Abstract

Thyroid function tests are usually of little value in the evaluation of thyroid nodules, with the exception of possible toxic adenomas. Thyroglobulin levels may be elevated in patients with thyroid malignancy and are very useful as a tumor marker in the routine follow up of patients operated upon for thyroid cancer (1,2),but preoperative blood levels do not differentiate from those associated with benign adenomas or thyroiditis. Serum antithyroglobulin and antimicrosomal (or antithyroid peroxidase) antibodies are also of very limited value (1). Special diagnostic studies are available for the detection of medullary thyroid cancer (MTC), which may present as a dominant cold nodule per se or as part of a multiple endocrine neoplasia (MEN) syndrome (3,4). MEN 2A is characterized by MTC with pheochromocytoma and, in some cases, hyperparathyroidism. The familial MTC of MEN 2A differs from sporadic MTC in being often preceded by C cell hyperpasia leading to multifocal tumors. MEN 2B includes MTC, pheochromocytoma, and several phenotypic abnormalities including mucosal neuromata.

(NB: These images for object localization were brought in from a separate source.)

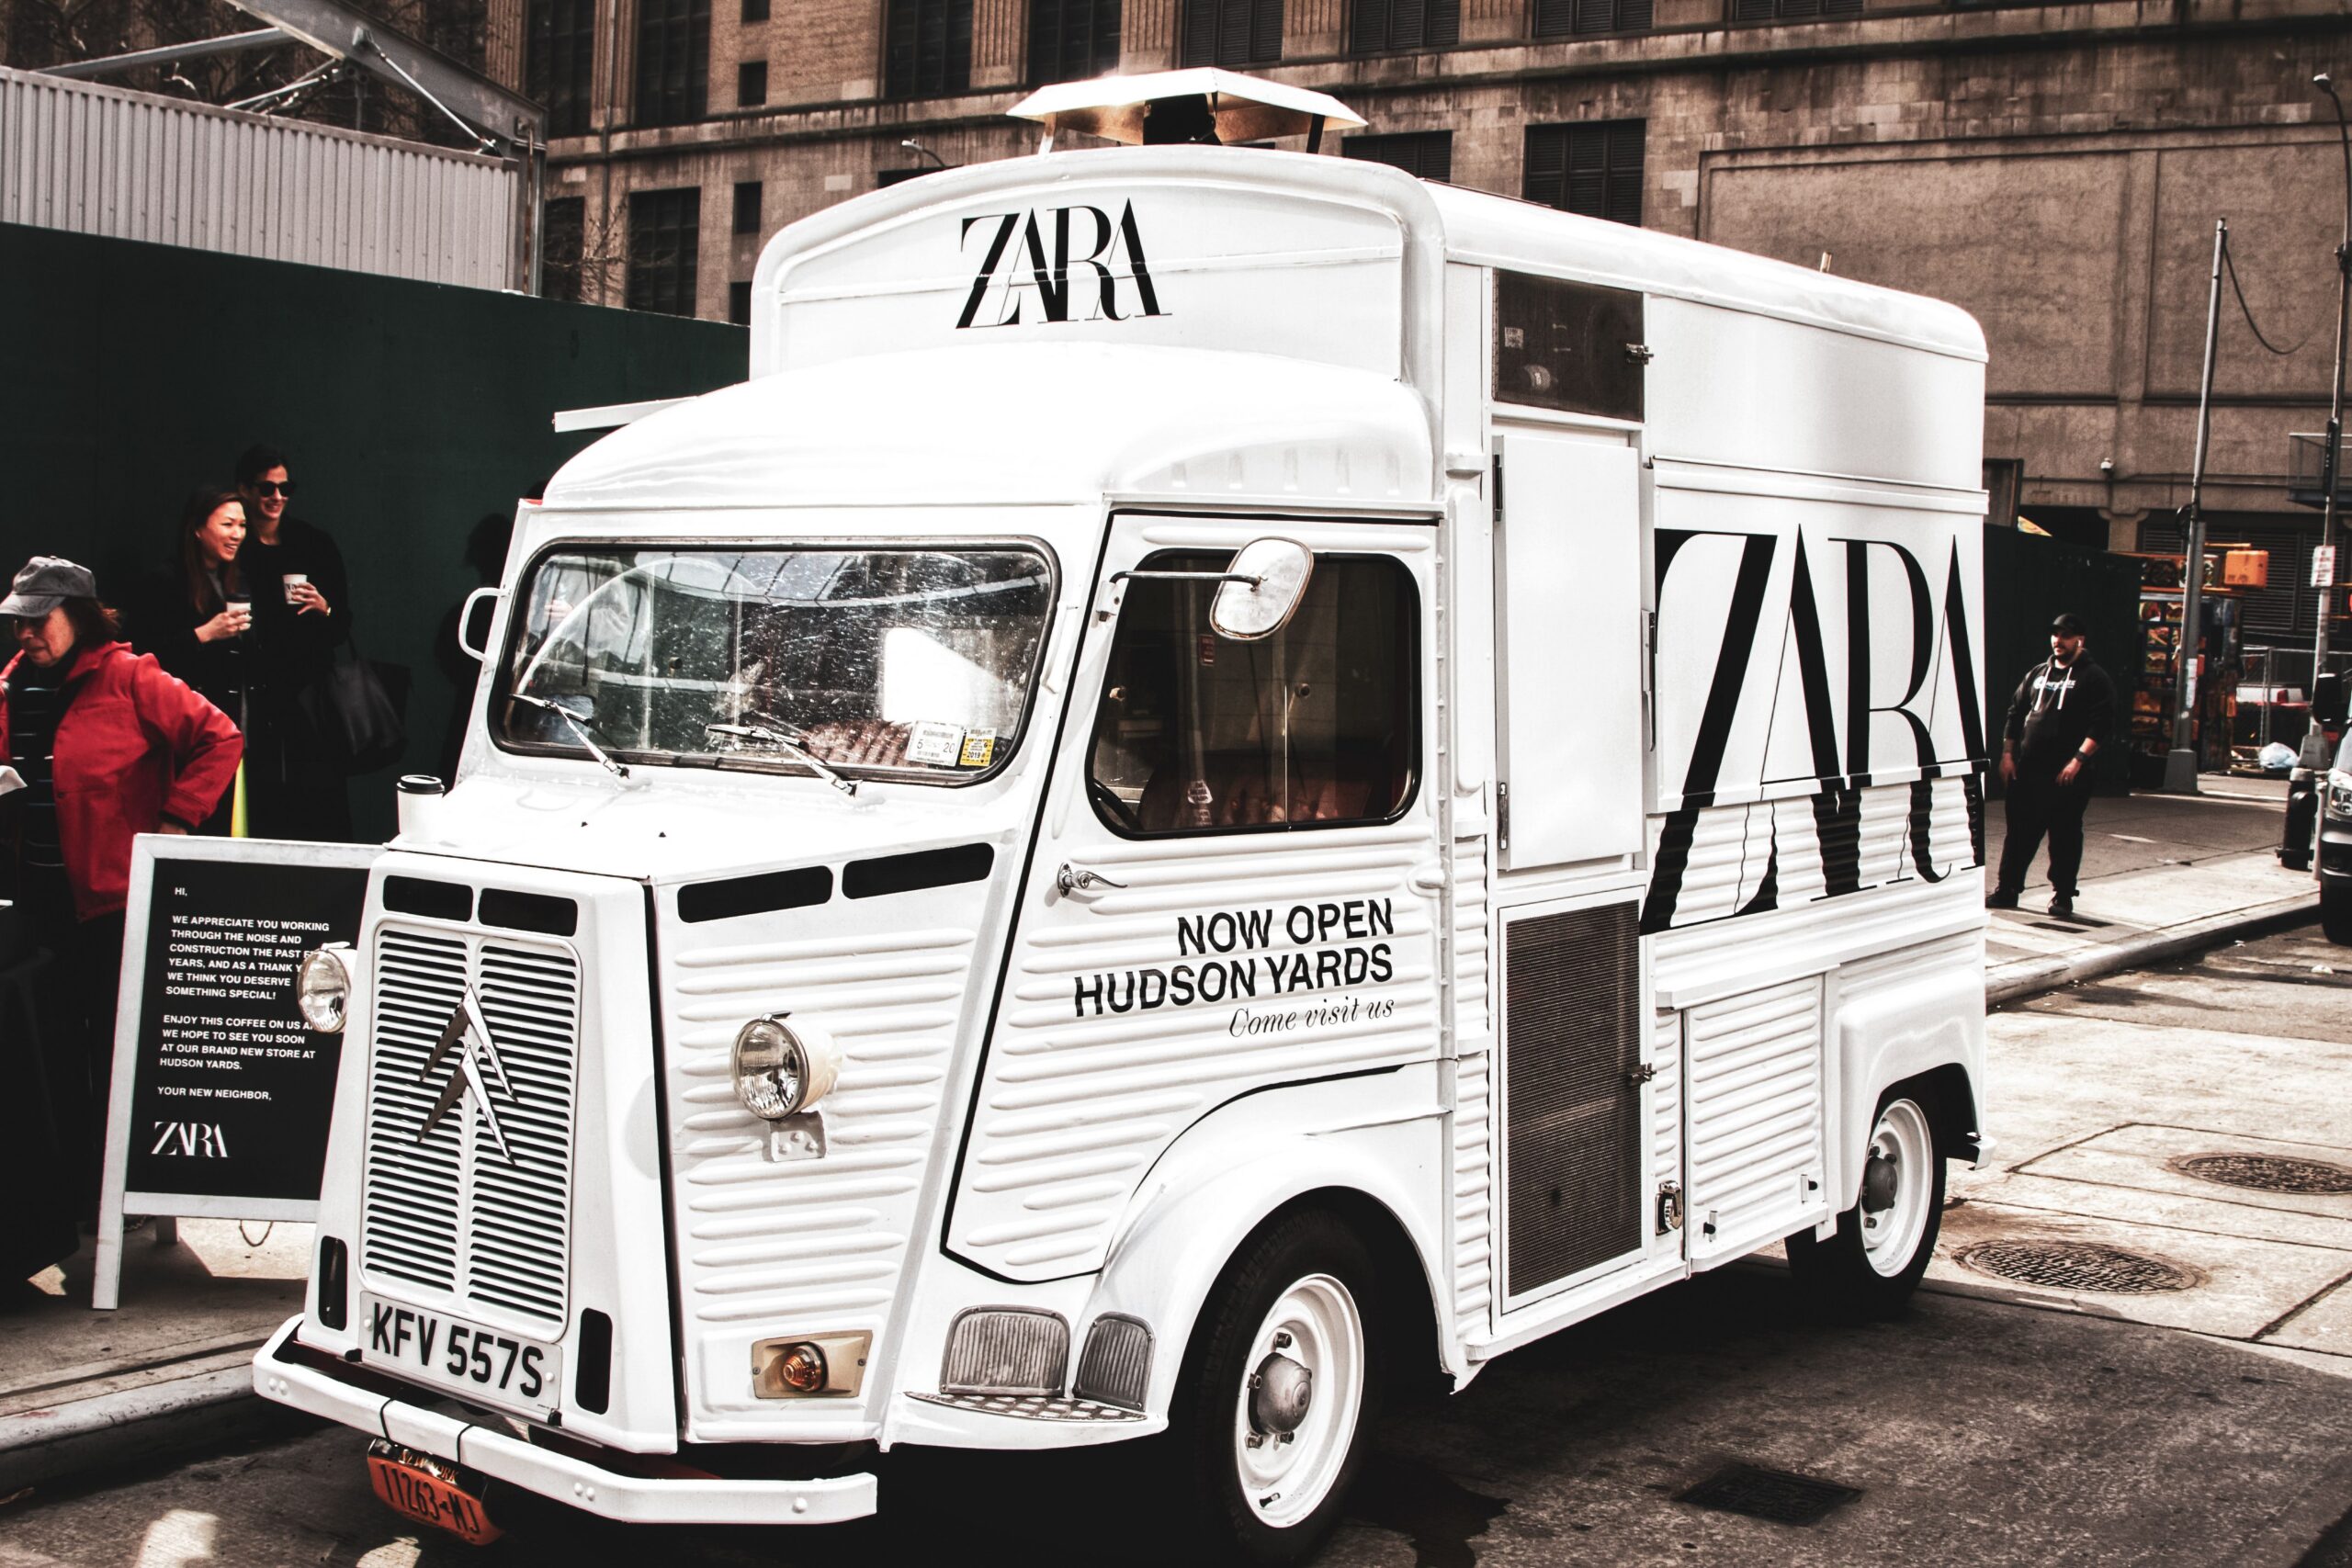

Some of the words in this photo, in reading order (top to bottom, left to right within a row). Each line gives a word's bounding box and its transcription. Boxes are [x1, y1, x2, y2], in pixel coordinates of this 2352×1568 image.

[956, 197, 1173, 329] ZARA
[1639, 523, 1991, 936] ZARA
[175, 886, 188, 897] HI,
[172, 915, 188, 924] WE
[190, 916, 254, 928] APPRECIATE
[256, 919, 278, 930] YOU
[280, 920, 330, 931] WORKING
[1177, 908, 1273, 956] NOW
[1286, 897, 1394, 945] OPEN
[171, 929, 222, 941] THROUGH
[223, 931, 244, 942] THE
[246, 932, 278, 943] NOISE
[279, 934, 302, 944] AND
[168, 942, 251, 955] CONSTRUCTION
[252, 947, 273, 957] THE
[274, 948, 302, 959] PAST
[168, 957, 206, 969] YEARS,
[207, 959, 231, 969] AND
[232, 961, 247, 971] AS
[247, 962, 256, 971] A
[257, 962, 293, 973] THANK
[166, 971, 184, 981] WE
[186, 972, 217, 983] THINK
[219, 974, 242, 985] YOU
[243, 976, 291, 987] DESERVE
[1074, 958, 1256, 1017] HUDSON
[1264, 942, 1393, 994] YARDS
[165, 986, 227, 998] SOMETHING
[229, 988, 277, 1000] SPECIAL!
[163, 1014, 198, 1024] ENJOY
[199, 1016, 223, 1026] THIS
[225, 1017, 266, 1029] COFFEE
[268, 1020, 285, 1029] ON
[286, 1021, 300, 1030] US
[1228, 1007, 1296, 1038] Come
[1305, 995, 1360, 1028] visit
[1367, 998, 1395, 1020] us
[162, 1029, 179, 1038] WE
[180, 1030, 210, 1040] HOPE
[211, 1031, 227, 1041] TO
[228, 1032, 250, 1042] SEE
[251, 1032, 274, 1043] YOU
[275, 1034, 306, 1044] SOON
[161, 1043, 175, 1052] AT
[175, 1043, 199, 1054] OUR
[201, 1044, 238, 1055] BRAND
[240, 1046, 265, 1056] NEW
[266, 1048, 301, 1058] STORE
[301, 1050, 316, 1059] AT
[159, 1057, 204, 1068] HUDSON
[205, 1059, 243, 1070] YARDS.
[157, 1086, 187, 1096] YOUR
[188, 1088, 213, 1098] NEW
[214, 1089, 272, 1101] NEIGHBOR,
[151, 1121, 230, 1158] ZARA
[372, 1302, 437, 1366] KFV
[447, 1325, 545, 1399] 557S

It has been shown that the RET protooncogene is the gene responsible for MEN 2A and 2B, and mutations in differing codons and exons of RET have been identified in sporadic MTC as well. It is now possible to routinely identify RET in material obtained by fine needle aspiration of a thyroid nodule. Differentiation between the mutations known for sporadic vs familial MTC provides information that helps decide whether or not preoperative screening for pheochromocytoma is necessary. Traditional management approaches have held that basal plasma calcitonin or CEA (carcinoembryonic antigen), and calcium and/or pentagastrin stimulation tests or assessment for the RET protooncogene intended to identify cases of MTC are not cost effective in the initial or routine evaluation of the nodular thyroid. However, some recent studies have indicated otherwise, i.e., that calcitonin measurements may detect unsuspected medullary carcinoma (5,6).